- AIM OF THE EXERCISE: In the material below, the lines containing the word "Some" are required; copy each of them.

RECORDS FOR THE EXERCISE START

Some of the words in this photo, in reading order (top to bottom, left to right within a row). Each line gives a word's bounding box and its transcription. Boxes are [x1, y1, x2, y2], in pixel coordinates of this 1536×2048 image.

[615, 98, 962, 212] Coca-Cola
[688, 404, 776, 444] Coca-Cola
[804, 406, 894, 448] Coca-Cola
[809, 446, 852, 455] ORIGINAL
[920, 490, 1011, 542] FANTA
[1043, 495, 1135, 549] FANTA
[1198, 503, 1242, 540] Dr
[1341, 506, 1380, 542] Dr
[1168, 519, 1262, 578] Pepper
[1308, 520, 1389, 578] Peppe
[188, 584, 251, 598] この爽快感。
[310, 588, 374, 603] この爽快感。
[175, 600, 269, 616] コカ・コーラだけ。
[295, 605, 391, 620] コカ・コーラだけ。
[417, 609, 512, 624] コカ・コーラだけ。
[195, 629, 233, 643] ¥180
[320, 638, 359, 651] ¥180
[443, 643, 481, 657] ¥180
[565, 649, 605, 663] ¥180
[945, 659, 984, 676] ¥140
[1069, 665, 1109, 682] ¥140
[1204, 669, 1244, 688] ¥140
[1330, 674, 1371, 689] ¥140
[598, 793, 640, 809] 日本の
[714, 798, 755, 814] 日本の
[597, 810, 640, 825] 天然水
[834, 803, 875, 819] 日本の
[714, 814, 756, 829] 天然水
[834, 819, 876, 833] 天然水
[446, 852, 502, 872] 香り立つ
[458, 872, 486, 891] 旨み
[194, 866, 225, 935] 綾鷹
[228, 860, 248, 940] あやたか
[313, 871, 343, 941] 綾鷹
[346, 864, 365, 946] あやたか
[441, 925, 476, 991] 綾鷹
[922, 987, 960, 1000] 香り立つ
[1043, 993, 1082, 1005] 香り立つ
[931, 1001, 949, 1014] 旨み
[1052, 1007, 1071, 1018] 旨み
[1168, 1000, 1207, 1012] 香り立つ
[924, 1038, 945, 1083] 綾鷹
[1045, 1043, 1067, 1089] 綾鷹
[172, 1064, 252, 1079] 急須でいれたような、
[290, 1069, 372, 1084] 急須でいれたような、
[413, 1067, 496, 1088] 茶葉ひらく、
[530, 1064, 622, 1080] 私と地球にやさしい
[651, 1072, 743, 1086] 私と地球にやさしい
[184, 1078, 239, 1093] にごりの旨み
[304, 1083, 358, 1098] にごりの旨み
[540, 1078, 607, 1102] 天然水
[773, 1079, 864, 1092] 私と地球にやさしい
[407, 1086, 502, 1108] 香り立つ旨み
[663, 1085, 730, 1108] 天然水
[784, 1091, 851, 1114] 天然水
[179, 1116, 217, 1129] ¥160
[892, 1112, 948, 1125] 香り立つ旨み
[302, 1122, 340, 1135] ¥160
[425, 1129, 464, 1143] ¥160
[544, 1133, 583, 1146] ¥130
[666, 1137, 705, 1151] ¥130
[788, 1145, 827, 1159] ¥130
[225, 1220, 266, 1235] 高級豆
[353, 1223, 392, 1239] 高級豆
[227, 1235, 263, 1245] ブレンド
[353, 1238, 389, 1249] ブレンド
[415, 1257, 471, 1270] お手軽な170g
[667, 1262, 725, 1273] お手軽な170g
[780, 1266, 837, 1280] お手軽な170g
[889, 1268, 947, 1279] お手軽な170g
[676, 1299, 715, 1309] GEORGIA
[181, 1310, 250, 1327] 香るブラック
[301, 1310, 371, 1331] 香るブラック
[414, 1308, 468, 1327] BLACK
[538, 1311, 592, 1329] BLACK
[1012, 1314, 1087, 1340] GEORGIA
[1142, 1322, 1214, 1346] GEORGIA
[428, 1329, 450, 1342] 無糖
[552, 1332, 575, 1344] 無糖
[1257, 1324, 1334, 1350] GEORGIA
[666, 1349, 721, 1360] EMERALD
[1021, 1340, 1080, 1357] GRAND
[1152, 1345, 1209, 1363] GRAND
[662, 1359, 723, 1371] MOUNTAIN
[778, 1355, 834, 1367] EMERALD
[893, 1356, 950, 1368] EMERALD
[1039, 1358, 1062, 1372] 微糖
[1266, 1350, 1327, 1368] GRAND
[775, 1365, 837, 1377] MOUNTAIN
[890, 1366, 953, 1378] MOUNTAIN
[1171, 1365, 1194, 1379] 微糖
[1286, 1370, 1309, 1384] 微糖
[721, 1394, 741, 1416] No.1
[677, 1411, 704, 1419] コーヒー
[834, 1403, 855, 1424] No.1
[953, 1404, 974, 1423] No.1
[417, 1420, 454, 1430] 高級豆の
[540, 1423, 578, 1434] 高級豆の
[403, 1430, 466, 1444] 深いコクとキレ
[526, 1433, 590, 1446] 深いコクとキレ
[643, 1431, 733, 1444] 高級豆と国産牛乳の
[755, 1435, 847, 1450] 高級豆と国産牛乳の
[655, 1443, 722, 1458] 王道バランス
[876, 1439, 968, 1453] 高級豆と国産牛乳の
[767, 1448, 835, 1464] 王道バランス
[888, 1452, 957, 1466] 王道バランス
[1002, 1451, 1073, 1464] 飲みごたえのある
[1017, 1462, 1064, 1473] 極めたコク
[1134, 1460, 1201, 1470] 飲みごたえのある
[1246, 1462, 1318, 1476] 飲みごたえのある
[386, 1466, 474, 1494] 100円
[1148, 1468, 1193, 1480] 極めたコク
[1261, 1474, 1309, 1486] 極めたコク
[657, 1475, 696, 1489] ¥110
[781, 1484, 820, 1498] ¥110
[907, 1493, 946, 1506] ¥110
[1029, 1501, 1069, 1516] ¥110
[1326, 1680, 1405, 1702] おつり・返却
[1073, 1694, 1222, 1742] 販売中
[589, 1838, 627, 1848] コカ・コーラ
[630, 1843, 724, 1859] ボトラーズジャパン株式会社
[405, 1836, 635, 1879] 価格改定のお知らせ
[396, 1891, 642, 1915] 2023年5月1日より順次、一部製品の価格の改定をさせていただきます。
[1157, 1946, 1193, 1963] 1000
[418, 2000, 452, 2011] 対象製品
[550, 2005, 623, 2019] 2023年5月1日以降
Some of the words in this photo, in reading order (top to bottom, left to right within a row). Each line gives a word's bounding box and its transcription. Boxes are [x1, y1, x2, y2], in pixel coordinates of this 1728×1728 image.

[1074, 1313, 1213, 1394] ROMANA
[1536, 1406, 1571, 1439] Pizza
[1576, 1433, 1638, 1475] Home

RECORDS FOR THE EXERCISE END

- RESPONSE TO THE TASK:
Some of the words in this photo, in reading order (top to bottom, left to right within a row). Each line gives a word's bounding box and its transcription. Boxes are [x1, y1, x2, y2], in pixel coordinates of this 1536×2048 image.
Some of the words in this photo, in reading order (top to bottom, left to right within a row). Each line gives a word's bounding box and its transcription. Boxes are [x1, y1, x2, y2], in pixel coordinates of this 1728×1728 image.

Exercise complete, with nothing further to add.